■ **Exercise instructions**: Images do not belong in the copy. Retype all the entries below exactly.

Dataset items
= = =

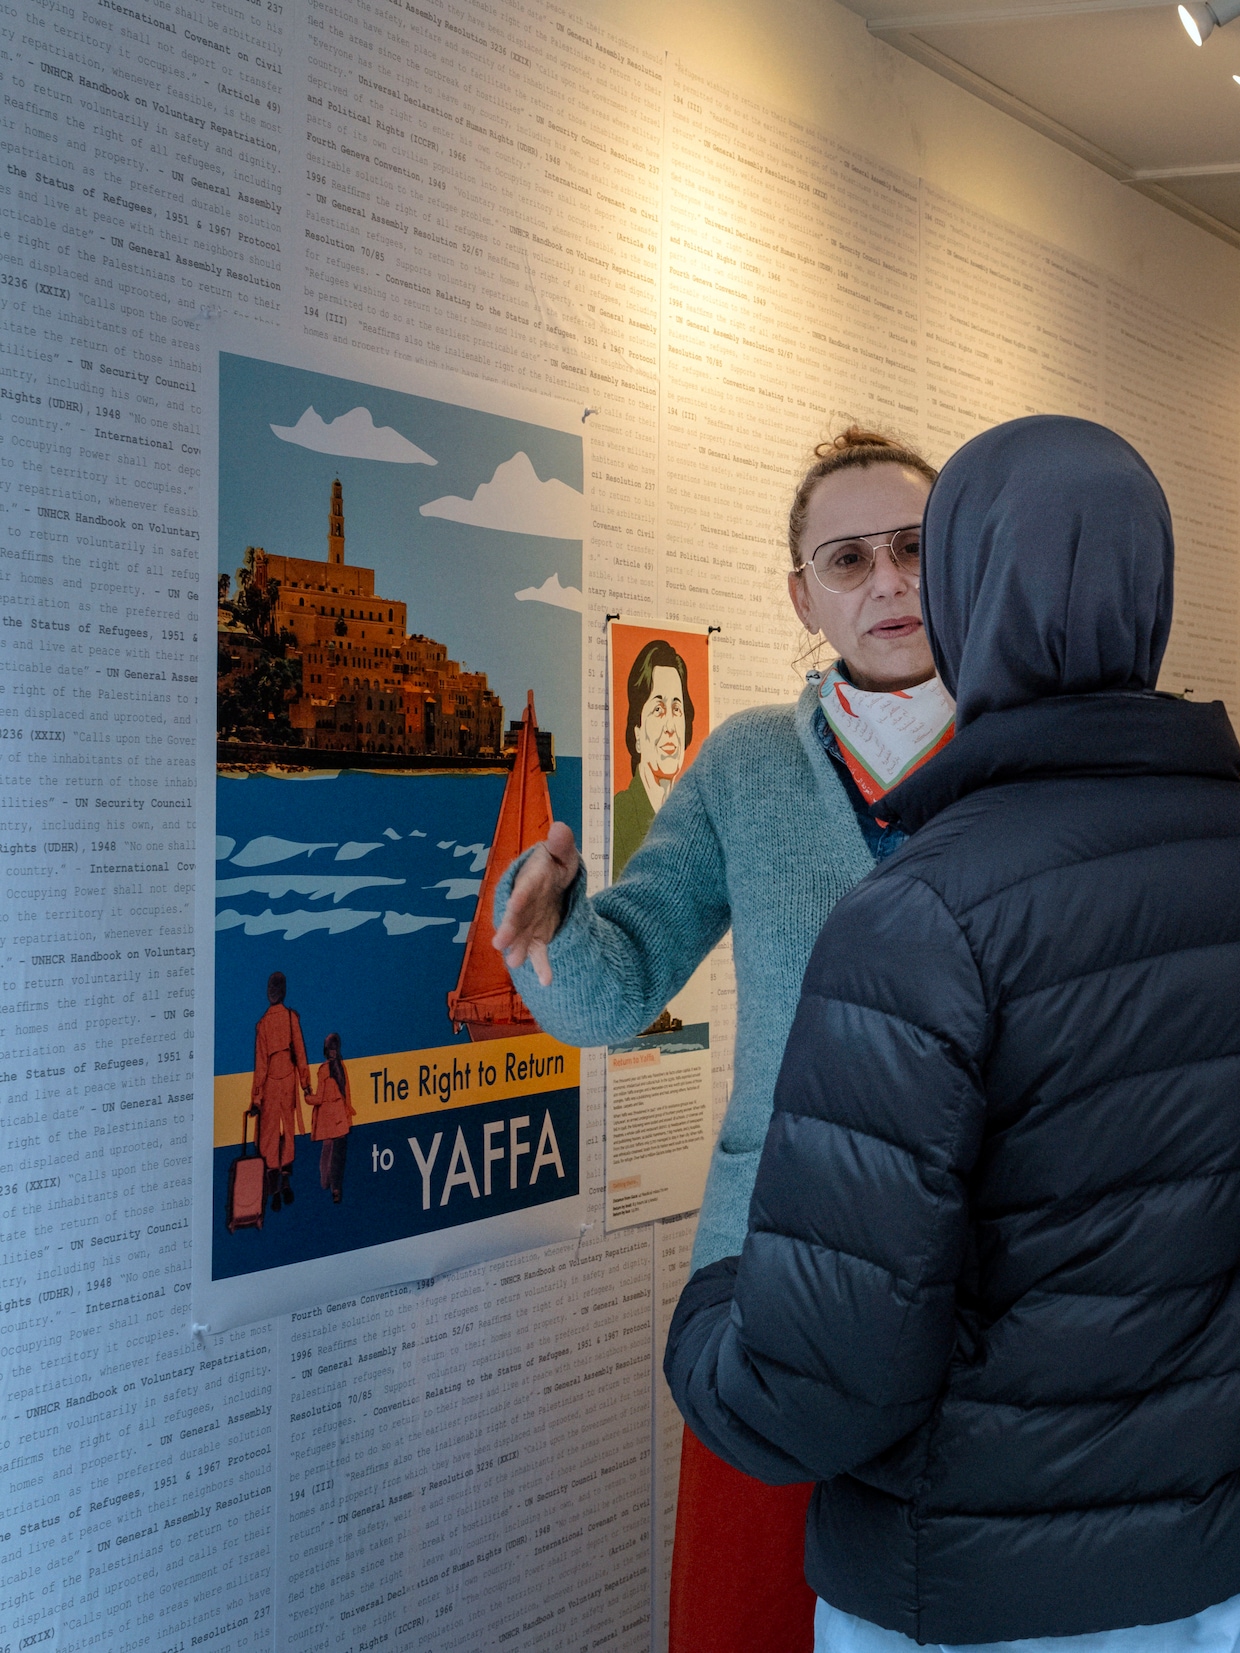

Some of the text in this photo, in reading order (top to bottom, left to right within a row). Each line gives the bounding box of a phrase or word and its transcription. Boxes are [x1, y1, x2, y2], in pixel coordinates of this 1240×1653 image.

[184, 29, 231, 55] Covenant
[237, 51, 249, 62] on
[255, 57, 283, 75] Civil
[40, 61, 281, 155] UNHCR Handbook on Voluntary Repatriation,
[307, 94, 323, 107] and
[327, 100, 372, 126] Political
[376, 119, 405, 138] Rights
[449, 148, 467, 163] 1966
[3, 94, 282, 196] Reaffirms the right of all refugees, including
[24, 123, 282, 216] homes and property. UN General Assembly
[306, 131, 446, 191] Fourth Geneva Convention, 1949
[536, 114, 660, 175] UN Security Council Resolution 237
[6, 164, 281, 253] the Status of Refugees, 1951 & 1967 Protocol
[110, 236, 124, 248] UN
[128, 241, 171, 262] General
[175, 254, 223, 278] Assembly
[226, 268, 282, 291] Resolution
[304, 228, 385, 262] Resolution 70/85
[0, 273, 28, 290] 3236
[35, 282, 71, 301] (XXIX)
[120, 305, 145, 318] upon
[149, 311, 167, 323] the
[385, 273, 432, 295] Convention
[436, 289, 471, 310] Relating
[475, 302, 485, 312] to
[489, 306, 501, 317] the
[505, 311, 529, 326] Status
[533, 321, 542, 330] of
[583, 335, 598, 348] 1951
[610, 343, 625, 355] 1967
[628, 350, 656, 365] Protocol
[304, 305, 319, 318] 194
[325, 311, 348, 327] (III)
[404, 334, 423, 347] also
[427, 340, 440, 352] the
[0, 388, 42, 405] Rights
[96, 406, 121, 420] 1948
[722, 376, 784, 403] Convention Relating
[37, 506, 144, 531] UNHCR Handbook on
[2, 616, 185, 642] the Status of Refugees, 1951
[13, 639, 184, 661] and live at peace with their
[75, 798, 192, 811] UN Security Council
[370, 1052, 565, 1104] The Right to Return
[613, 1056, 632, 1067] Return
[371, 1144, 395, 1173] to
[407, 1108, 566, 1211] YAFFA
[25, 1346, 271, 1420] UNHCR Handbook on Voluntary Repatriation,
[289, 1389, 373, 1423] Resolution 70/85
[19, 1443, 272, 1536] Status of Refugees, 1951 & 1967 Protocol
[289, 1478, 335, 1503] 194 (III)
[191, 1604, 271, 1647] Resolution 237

= = =

■ **Result**:
Some of the text in this photo, in reading order (top to bottom, left to right within a row). Each line gives the bounding box of a phrase or word and its transcription. Boxes are [x1, y1, x2, y2], in pixel coordinates of this 1240×1653 image.

[184, 29, 231, 55] Covenant
[237, 51, 249, 62] on
[255, 57, 283, 75] Civil
[40, 61, 281, 155] UNHCR Handbook on Voluntary Repatriation,
[307, 94, 323, 107] and
[327, 100, 372, 126] Political
[376, 119, 405, 138] Rights
[449, 148, 467, 163] 1966
[3, 94, 282, 196] Reaffirms the right of all refugees, including
[24, 123, 282, 216] homes and property. UN General Assembly
[306, 131, 446, 191] Fourth Geneva Convention, 1949
[536, 114, 660, 175] UN Security Council Resolution 237
[6, 164, 281, 253] the Status of Refugees, 1951 & 1967 Protocol
[110, 236, 124, 248] UN
[128, 241, 171, 262] General
[175, 254, 223, 278] Assembly
[226, 268, 282, 291] Resolution
[304, 228, 385, 262] Resolution 70/85
[0, 273, 28, 290] 3236
[35, 282, 71, 301] (XXIX)
[120, 305, 145, 318] upon
[149, 311, 167, 323] the
[385, 273, 432, 295] Convention
[436, 289, 471, 310] Relating
[475, 302, 485, 312] to
[489, 306, 501, 317] the
[505, 311, 529, 326] Status
[533, 321, 542, 330] of
[583, 335, 598, 348] 1951
[610, 343, 625, 355] 1967
[628, 350, 656, 365] Protocol
[304, 305, 319, 318] 194
[325, 311, 348, 327] (III)
[404, 334, 423, 347] also
[427, 340, 440, 352] the
[0, 388, 42, 405] Rights
[96, 406, 121, 420] 1948
[722, 376, 784, 403] Convention Relating
[37, 506, 144, 531] UNHCR Handbook on
[2, 616, 185, 642] the Status of Refugees, 1951
[13, 639, 184, 661] and live at peace with their
[75, 798, 192, 811] UN Security Council
[370, 1052, 565, 1104] The Right to Return
[613, 1056, 632, 1067] Return
[371, 1144, 395, 1173] to
[407, 1108, 566, 1211] YAFFA
[25, 1346, 271, 1420] UNHCR Handbook on Voluntary Repatriation,
[289, 1389, 373, 1423] Resolution 70/85
[19, 1443, 272, 1536] Status of Refugees, 1951 & 1967 Protocol
[289, 1478, 335, 1503] 194 (III)
[191, 1604, 271, 1647] Resolution 237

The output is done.